* _TASK ITEM_: Give every entry again, word for word.
##### DATA TO EXAMINE #####
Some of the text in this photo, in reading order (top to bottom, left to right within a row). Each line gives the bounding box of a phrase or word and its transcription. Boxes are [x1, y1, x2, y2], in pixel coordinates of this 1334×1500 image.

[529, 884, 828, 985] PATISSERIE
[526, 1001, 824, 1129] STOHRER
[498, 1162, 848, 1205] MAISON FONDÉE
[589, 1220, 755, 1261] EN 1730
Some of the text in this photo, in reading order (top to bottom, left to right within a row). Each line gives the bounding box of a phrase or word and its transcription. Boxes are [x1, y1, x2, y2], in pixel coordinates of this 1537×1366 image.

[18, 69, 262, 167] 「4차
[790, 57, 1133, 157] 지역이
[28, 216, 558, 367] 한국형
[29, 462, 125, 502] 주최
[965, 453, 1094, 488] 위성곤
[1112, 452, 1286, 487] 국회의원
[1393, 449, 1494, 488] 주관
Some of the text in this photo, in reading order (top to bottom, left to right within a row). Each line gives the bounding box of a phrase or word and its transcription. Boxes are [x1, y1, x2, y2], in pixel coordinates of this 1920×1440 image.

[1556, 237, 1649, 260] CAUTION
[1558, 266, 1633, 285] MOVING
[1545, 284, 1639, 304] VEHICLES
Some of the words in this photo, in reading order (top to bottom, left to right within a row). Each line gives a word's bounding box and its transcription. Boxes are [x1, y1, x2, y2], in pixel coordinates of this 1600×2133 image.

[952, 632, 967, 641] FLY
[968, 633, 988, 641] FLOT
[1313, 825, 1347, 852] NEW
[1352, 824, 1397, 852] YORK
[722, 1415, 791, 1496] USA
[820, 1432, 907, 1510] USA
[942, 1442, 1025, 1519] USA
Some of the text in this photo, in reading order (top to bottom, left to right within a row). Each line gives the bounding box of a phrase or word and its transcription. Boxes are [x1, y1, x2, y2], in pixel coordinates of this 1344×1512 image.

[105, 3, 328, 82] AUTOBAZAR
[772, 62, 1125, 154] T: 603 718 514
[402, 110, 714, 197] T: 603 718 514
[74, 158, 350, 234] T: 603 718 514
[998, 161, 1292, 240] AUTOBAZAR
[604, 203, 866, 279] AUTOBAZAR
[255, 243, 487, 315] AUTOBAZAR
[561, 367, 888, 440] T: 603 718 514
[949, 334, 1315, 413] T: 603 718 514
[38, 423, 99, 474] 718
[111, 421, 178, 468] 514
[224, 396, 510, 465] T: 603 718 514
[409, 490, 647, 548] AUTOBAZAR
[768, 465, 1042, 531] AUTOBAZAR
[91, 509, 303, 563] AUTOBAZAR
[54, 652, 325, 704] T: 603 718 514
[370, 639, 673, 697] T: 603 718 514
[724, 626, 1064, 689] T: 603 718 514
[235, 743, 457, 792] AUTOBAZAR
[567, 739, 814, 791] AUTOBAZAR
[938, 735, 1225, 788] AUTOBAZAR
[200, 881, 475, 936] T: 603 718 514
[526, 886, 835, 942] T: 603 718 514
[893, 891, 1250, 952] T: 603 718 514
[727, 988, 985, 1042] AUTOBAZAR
#####
* _SOLUTION FOR THIS PROBLEM_:
Some of the text in this photo, in reading order (top to bottom, left to right within a row). Each line gives the bounding box of a phrase or word and its transcription. Boxes are [x1, y1, x2, y2], in pixel coordinates of this 1334×1500 image.

[529, 884, 828, 985] PATISSERIE
[526, 1001, 824, 1129] STOHRER
[498, 1162, 848, 1205] MAISON FONDÉE
[589, 1220, 755, 1261] EN 1730
Some of the text in this photo, in reading order (top to bottom, left to right within a row). Each line gives the bounding box of a phrase or word and its transcription. Boxes are [x1, y1, x2, y2], in pixel coordinates of this 1537×1366 image.

[18, 69, 262, 167] 「4차
[790, 57, 1133, 157] 지역이
[28, 216, 558, 367] 한국형
[29, 462, 125, 502] 주최
[965, 453, 1094, 488] 위성곤
[1112, 452, 1286, 487] 국회의원
[1393, 449, 1494, 488] 주관
Some of the text in this photo, in reading order (top to bottom, left to right within a row). Each line gives the bounding box of a phrase or word and its transcription. Boxes are [x1, y1, x2, y2], in pixel coordinates of this 1920×1440 image.

[1556, 237, 1649, 260] CAUTION
[1558, 266, 1633, 285] MOVING
[1545, 284, 1639, 304] VEHICLES
Some of the words in this photo, in reading order (top to bottom, left to right within a row). Each line gives a word's bounding box and its transcription. Boxes are [x1, y1, x2, y2], in pixel coordinates of this 1600×2133 image.

[952, 632, 967, 641] FLY
[968, 633, 988, 641] FLOT
[1313, 825, 1347, 852] NEW
[1352, 824, 1397, 852] YORK
[722, 1415, 791, 1496] USA
[820, 1432, 907, 1510] USA
[942, 1442, 1025, 1519] USA
Some of the text in this photo, in reading order (top to bottom, left to right within a row). Each line gives the bounding box of a phrase or word and its transcription. Boxes are [x1, y1, x2, y2], in pixel coordinates of this 1344×1512 image.

[105, 3, 328, 82] AUTOBAZAR
[772, 62, 1125, 154] T: 603 718 514
[402, 110, 714, 197] T: 603 718 514
[74, 158, 350, 234] T: 603 718 514
[998, 161, 1292, 240] AUTOBAZAR
[604, 203, 866, 279] AUTOBAZAR
[255, 243, 487, 315] AUTOBAZAR
[561, 367, 888, 440] T: 603 718 514
[949, 334, 1315, 413] T: 603 718 514
[38, 423, 99, 474] 718
[111, 421, 178, 468] 514
[224, 396, 510, 465] T: 603 718 514
[409, 490, 647, 548] AUTOBAZAR
[768, 465, 1042, 531] AUTOBAZAR
[91, 509, 303, 563] AUTOBAZAR
[54, 652, 325, 704] T: 603 718 514
[370, 639, 673, 697] T: 603 718 514
[724, 626, 1064, 689] T: 603 718 514
[235, 743, 457, 792] AUTOBAZAR
[567, 739, 814, 791] AUTOBAZAR
[938, 735, 1225, 788] AUTOBAZAR
[200, 881, 475, 936] T: 603 718 514
[526, 886, 835, 942] T: 603 718 514
[893, 891, 1250, 952] T: 603 718 514
[727, 988, 985, 1042] AUTOBAZAR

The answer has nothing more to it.